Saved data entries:
= Beginning of Section =

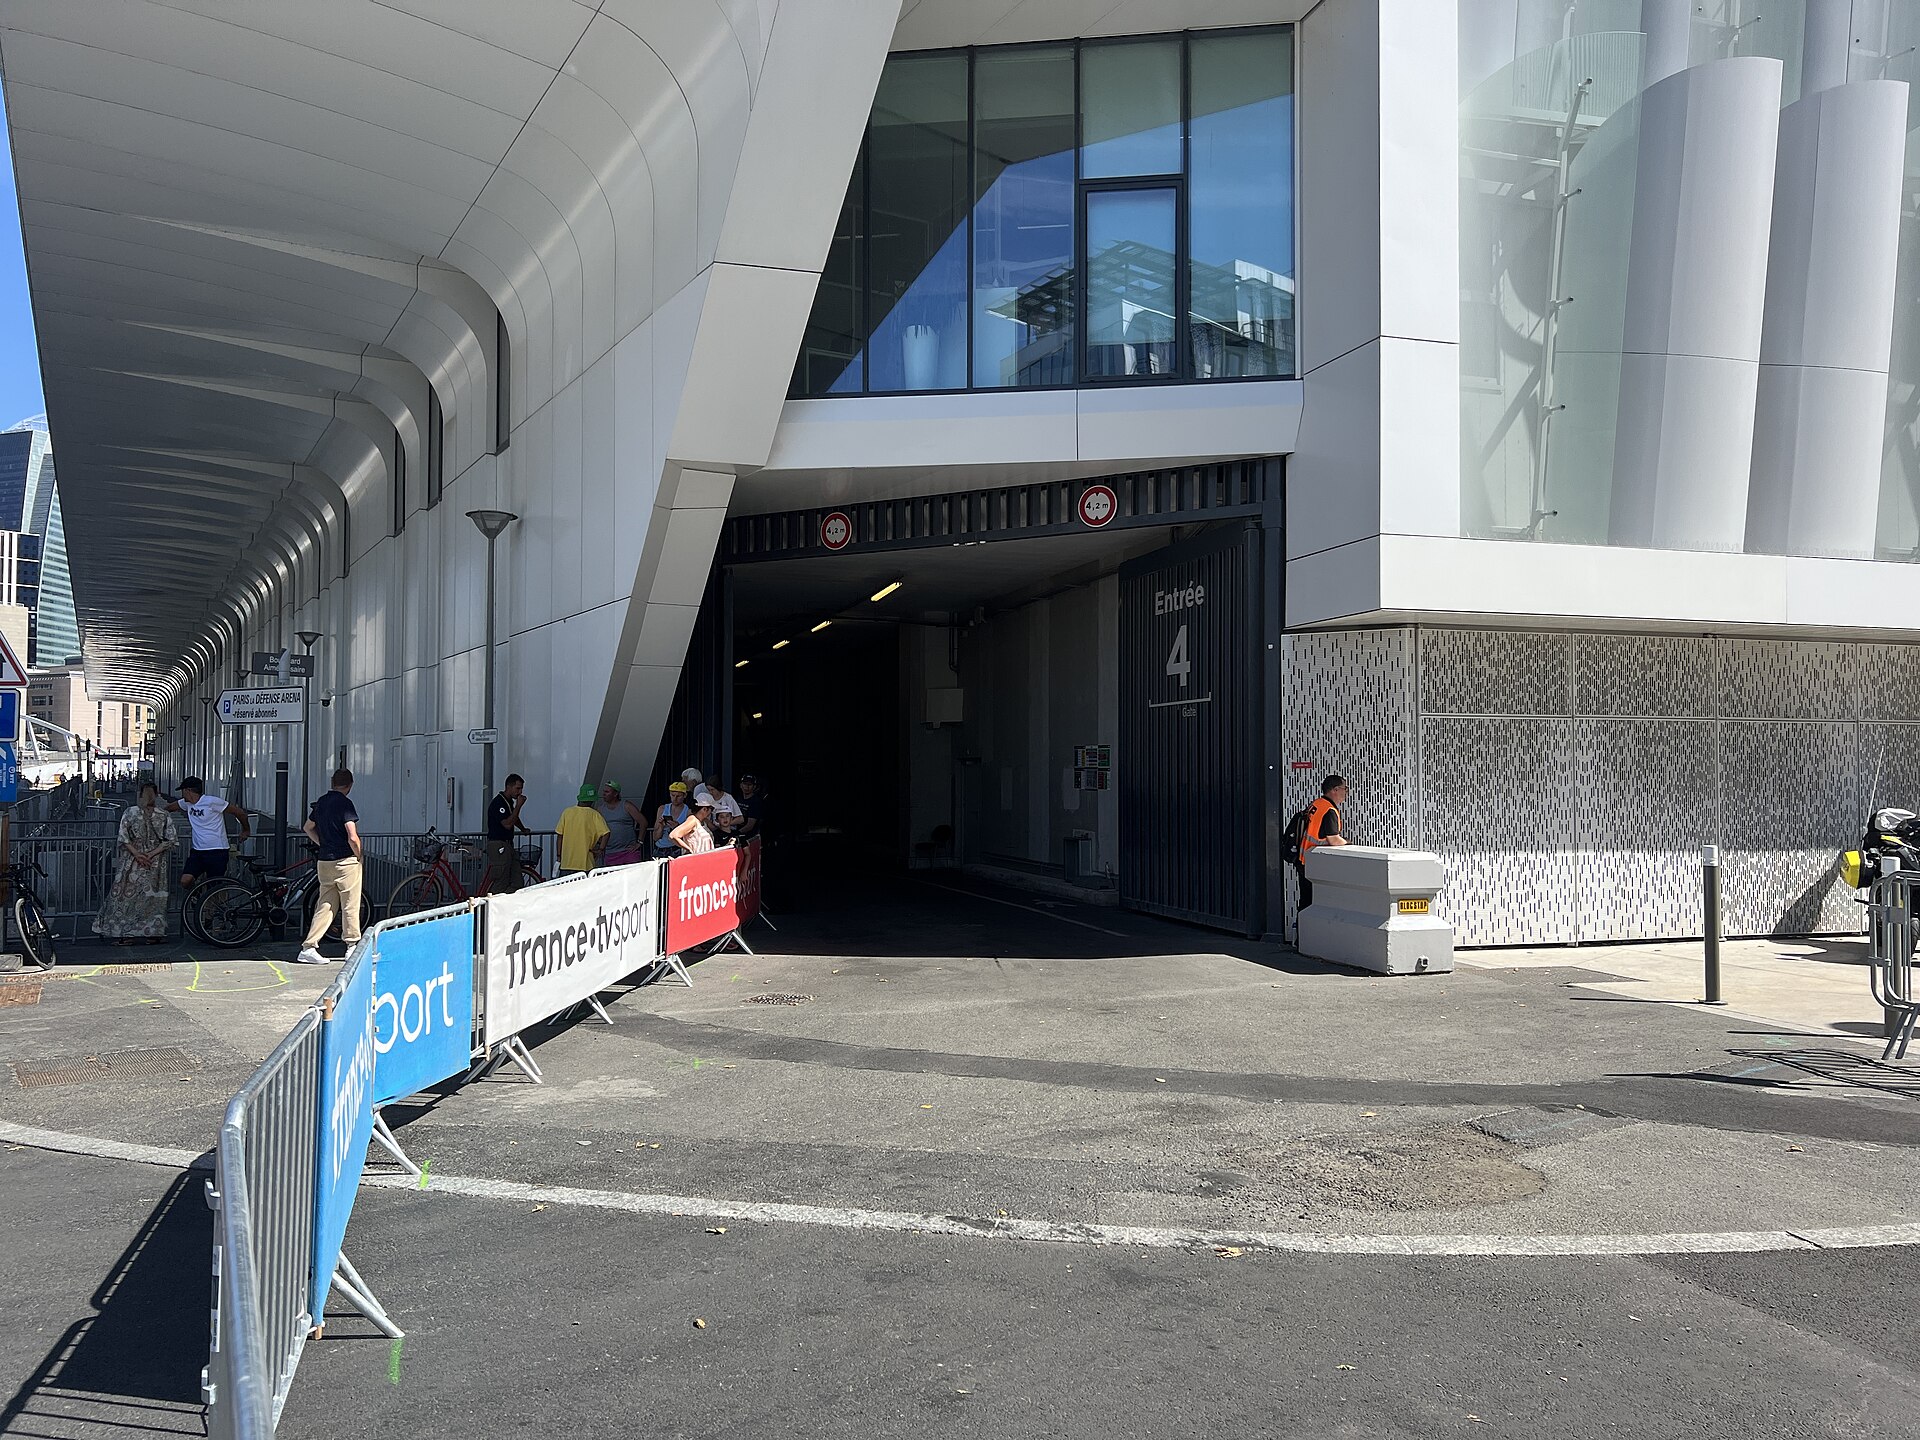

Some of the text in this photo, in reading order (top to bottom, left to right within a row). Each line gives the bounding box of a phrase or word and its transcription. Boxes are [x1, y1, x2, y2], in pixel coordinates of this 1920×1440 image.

[1086, 501, 1100, 511] 4,2
[1155, 580, 1205, 616] Entrée
[1166, 624, 1191, 687] 4
[232, 694, 250, 705] PARIS
[255, 691, 281, 705] DÉFENSE
[281, 692, 301, 704] ARENA
[254, 707, 278, 719] abonnés

= End of Section =

Brief: Quote every record above exactly, leaving out the pictures.

Written response:
Some of the text in this photo, in reading order (top to bottom, left to right within a row). Each line gives the bounding box of a phrase or word and its transcription. Boxes are [x1, y1, x2, y2], in pixel coordinates of this 1920×1440 image.

[1086, 501, 1100, 511] 4,2
[1155, 580, 1205, 616] Entrée
[1166, 624, 1191, 687] 4
[232, 694, 250, 705] PARIS
[255, 691, 281, 705] DÉFENSE
[281, 692, 301, 704] ARENA
[254, 707, 278, 719] abonnés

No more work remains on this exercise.